=== Section Start ===
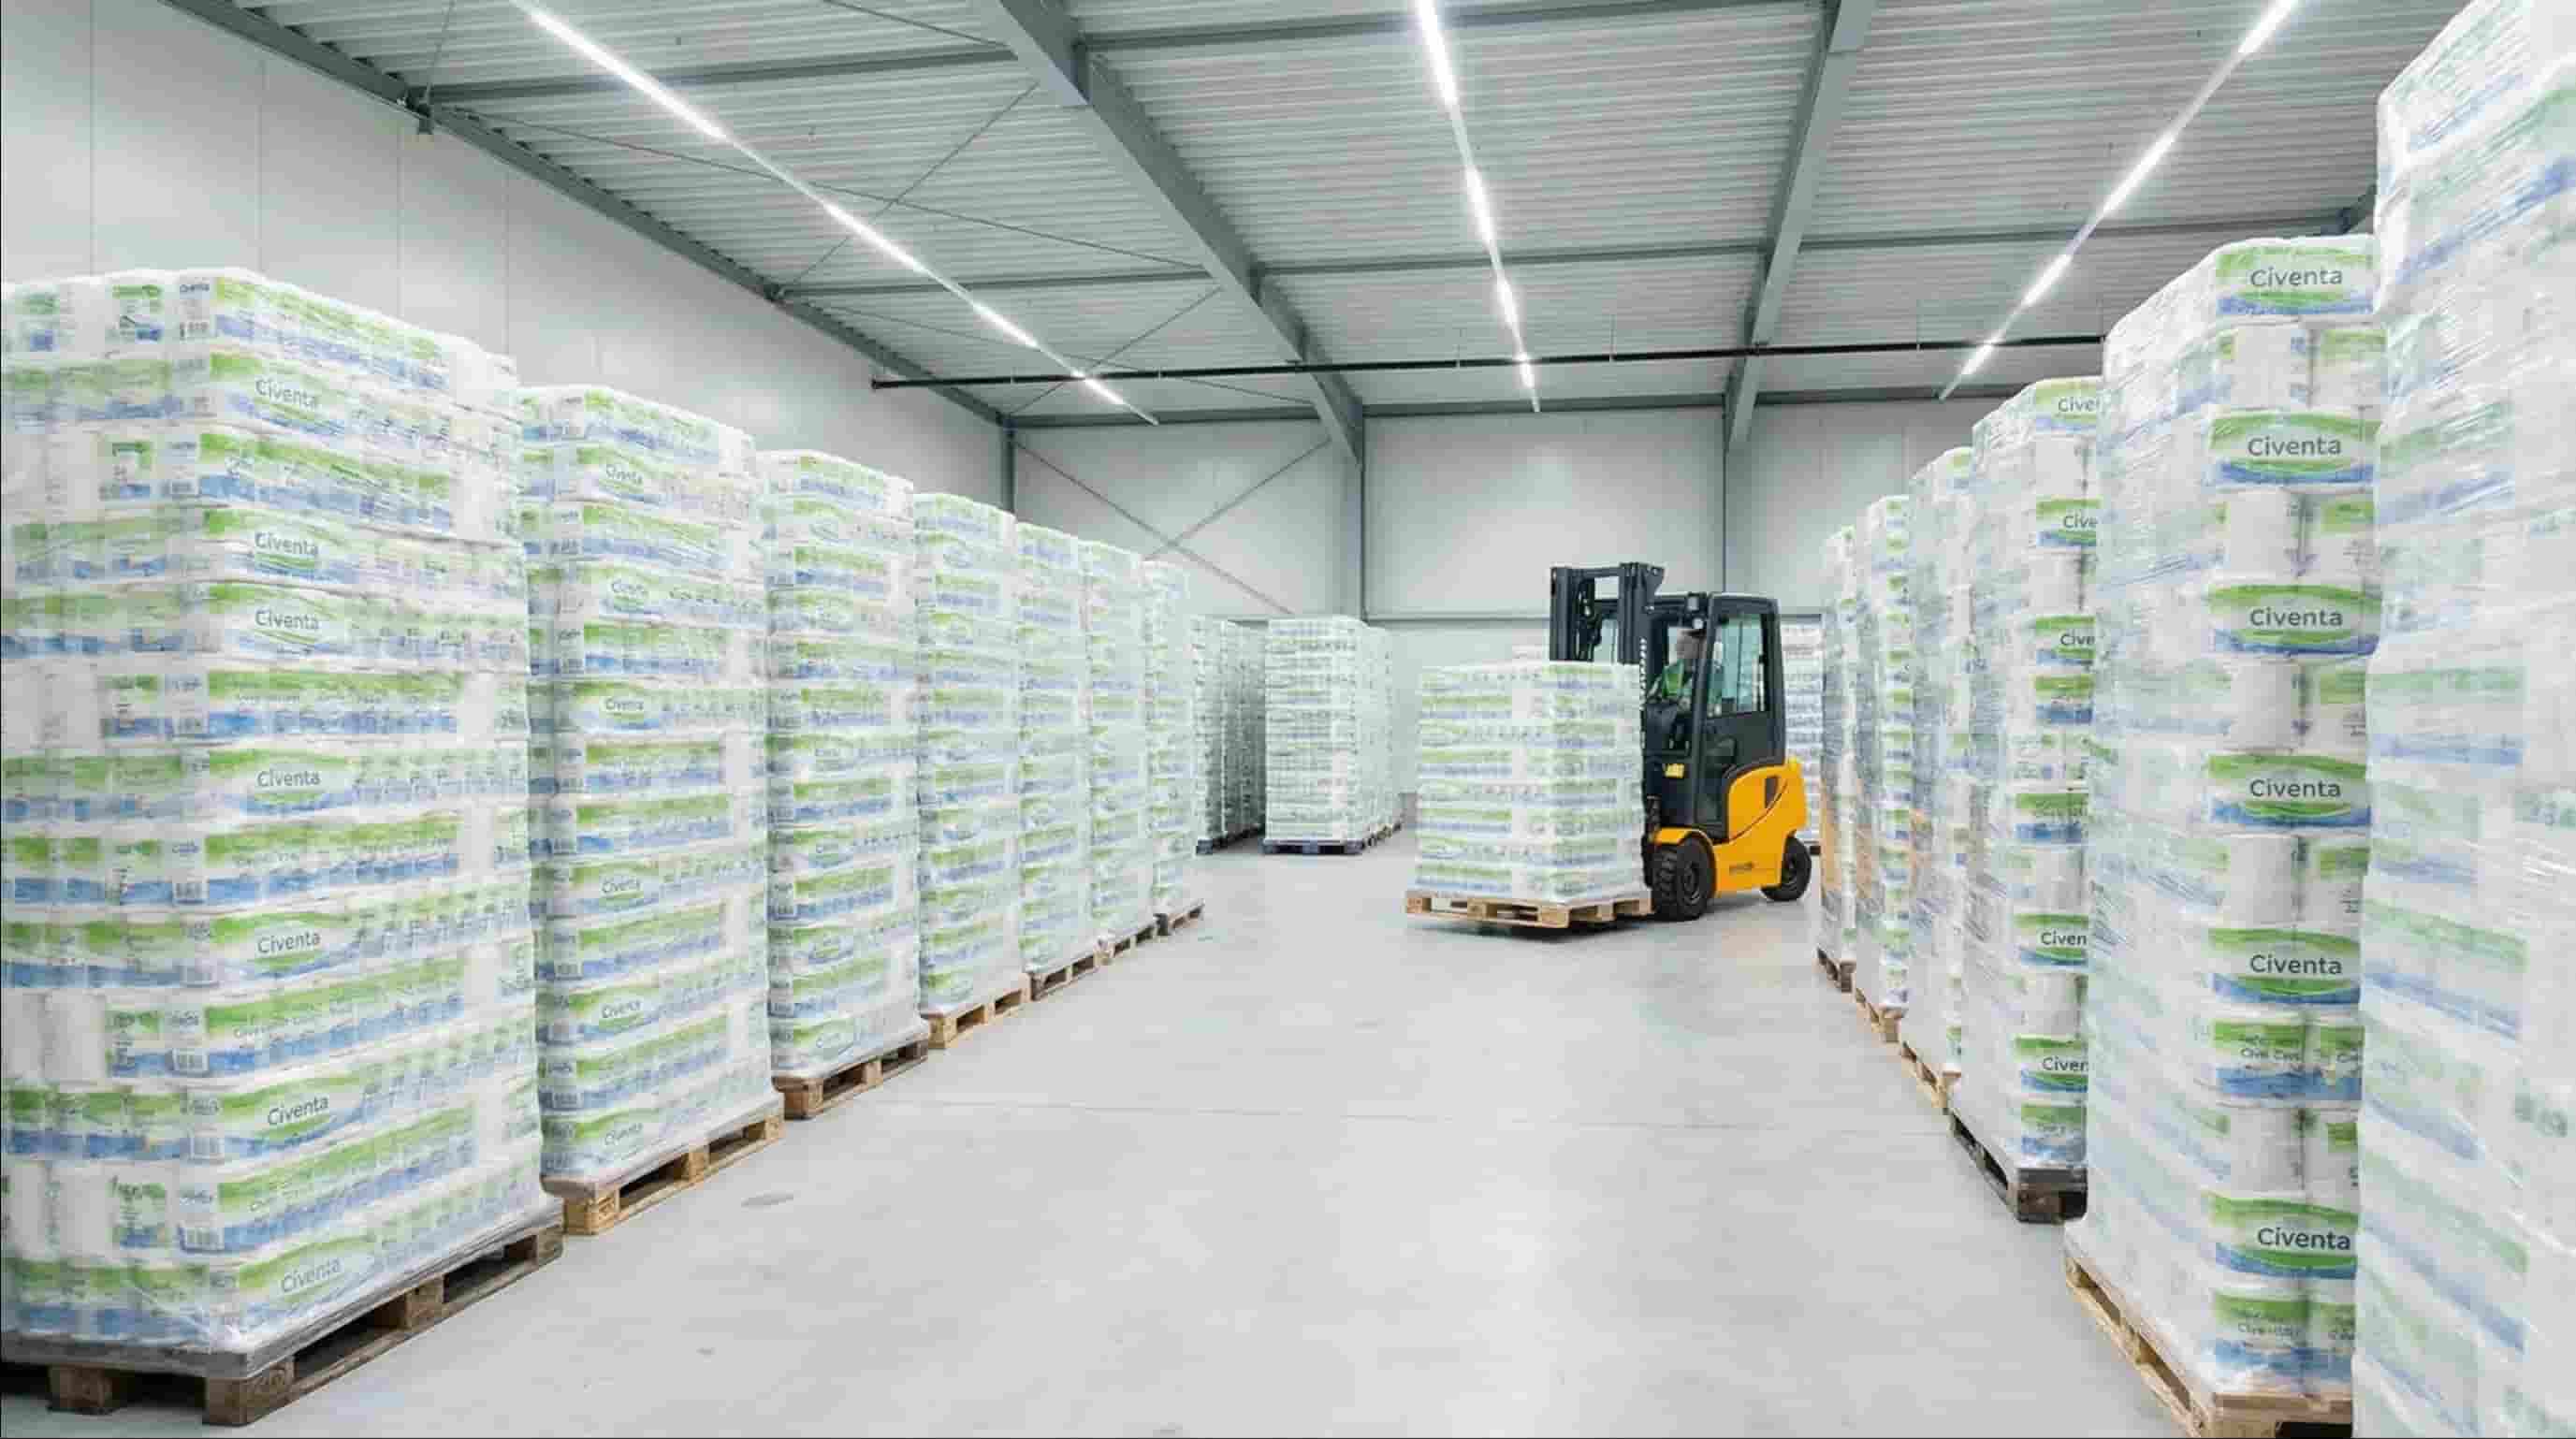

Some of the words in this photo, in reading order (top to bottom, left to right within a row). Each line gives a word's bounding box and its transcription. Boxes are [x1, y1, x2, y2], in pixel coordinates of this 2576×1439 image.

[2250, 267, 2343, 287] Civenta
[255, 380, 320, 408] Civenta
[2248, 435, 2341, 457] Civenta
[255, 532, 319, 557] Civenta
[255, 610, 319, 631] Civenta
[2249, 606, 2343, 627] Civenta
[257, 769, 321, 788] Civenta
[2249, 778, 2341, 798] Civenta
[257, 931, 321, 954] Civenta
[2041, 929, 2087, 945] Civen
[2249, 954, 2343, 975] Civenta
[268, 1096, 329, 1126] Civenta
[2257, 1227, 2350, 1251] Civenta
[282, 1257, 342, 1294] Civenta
=== Section End ===
• **Task statement**:
Before you return the listing, strip out its pictures; all else must match exactly.

• **Reply**:
Some of the words in this photo, in reading order (top to bottom, left to right within a row). Each line gives a word's bounding box and its transcription. Boxes are [x1, y1, x2, y2], in pixel coordinates of this 2576×1439 image.

[2250, 267, 2343, 287] Civenta
[255, 380, 320, 408] Civenta
[2248, 435, 2341, 457] Civenta
[255, 532, 319, 557] Civenta
[255, 610, 319, 631] Civenta
[2249, 606, 2343, 627] Civenta
[257, 769, 321, 788] Civenta
[2249, 778, 2341, 798] Civenta
[257, 931, 321, 954] Civenta
[2041, 929, 2087, 945] Civen
[2249, 954, 2343, 975] Civenta
[268, 1096, 329, 1126] Civenta
[2257, 1227, 2350, 1251] Civenta
[282, 1257, 342, 1294] Civenta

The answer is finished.